◆ Work instruction ◆
Produce a verbatim copy of the data below that contains no pictures.

◆ Records for processing ◆
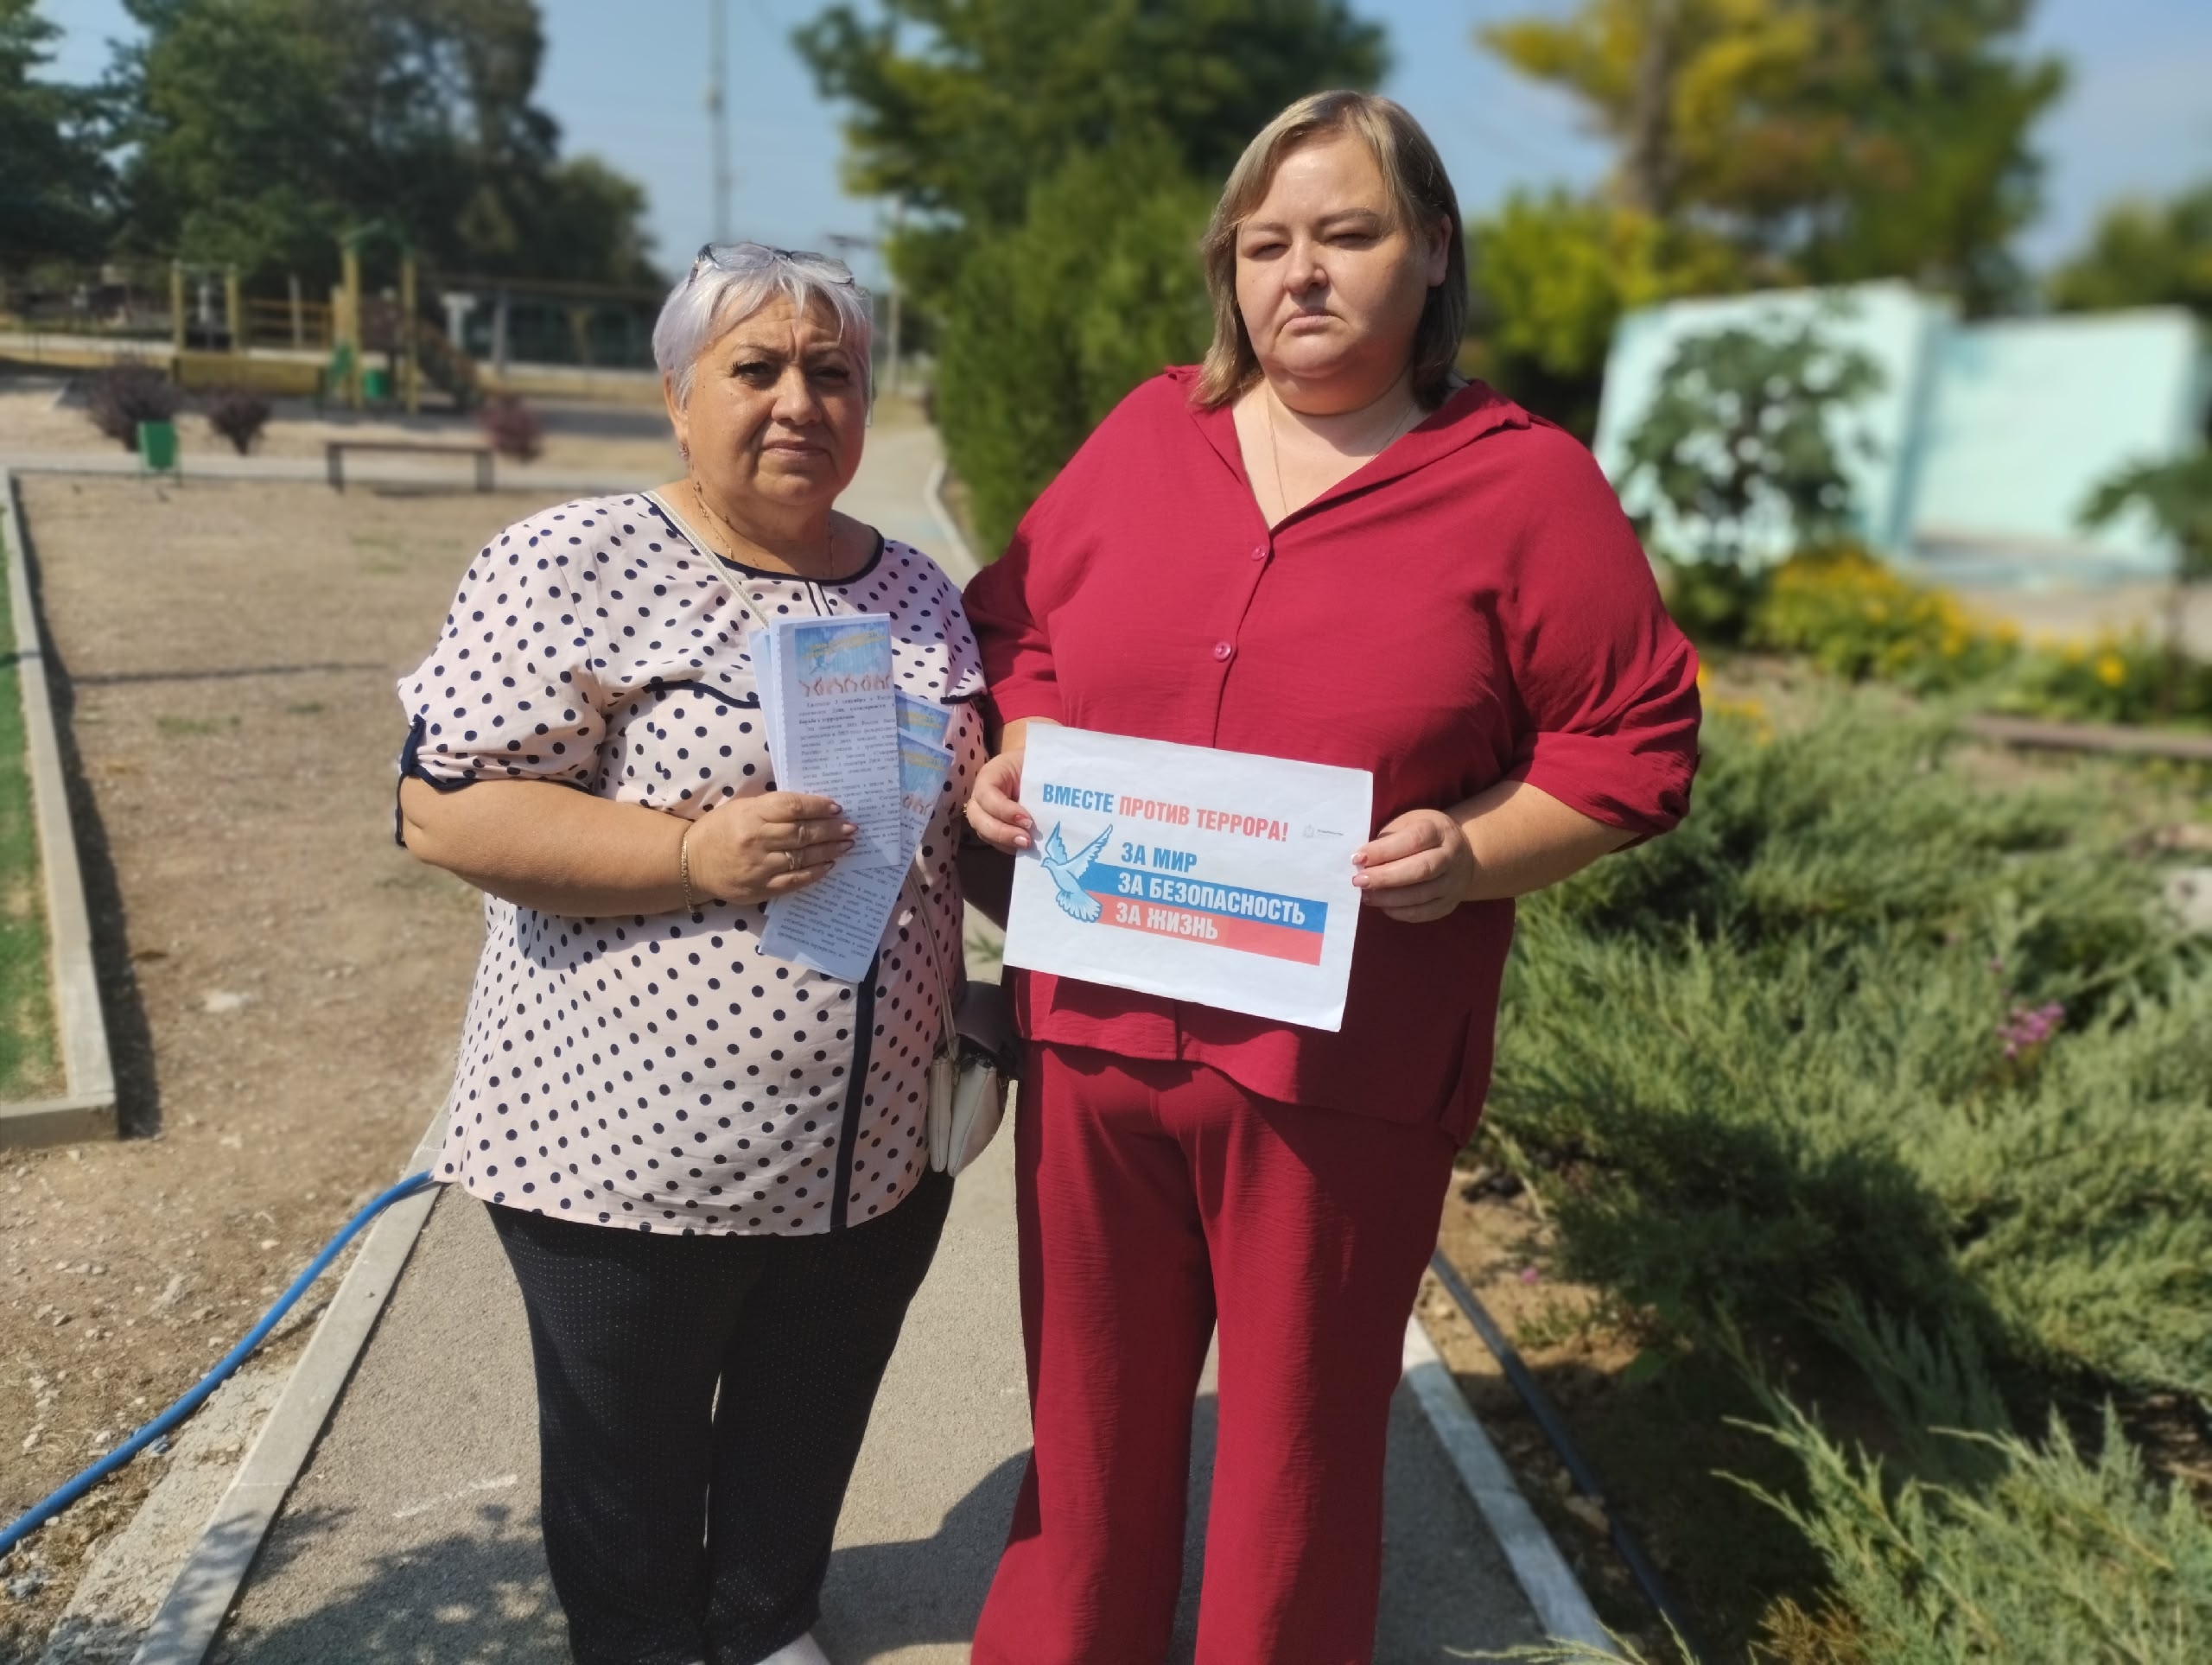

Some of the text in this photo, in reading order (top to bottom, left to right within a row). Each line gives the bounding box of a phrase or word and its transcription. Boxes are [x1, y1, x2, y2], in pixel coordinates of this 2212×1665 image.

[1043, 784, 1289, 842] ВМЕСТЕ ПРОТИВ ТЕРРОРА!
[1122, 842, 1198, 873] ЗА МИР
[1116, 903, 1218, 939] ЗА ЖИЗНЬ
[1118, 873, 1306, 925] ЗА БЕЗОПАСНОСТЬ

◆ Result ◆
Some of the text in this photo, in reading order (top to bottom, left to right within a row). Each line gives the bounding box of a phrase or word and its transcription. Boxes are [x1, y1, x2, y2], in pixel coordinates of this 2212×1665 image.

[1043, 784, 1289, 842] ВМЕСТЕ ПРОТИВ ТЕРРОРА!
[1122, 842, 1198, 873] ЗА МИР
[1116, 903, 1218, 939] ЗА ЖИЗНЬ
[1118, 873, 1306, 925] ЗА БЕЗОПАСНОСТЬ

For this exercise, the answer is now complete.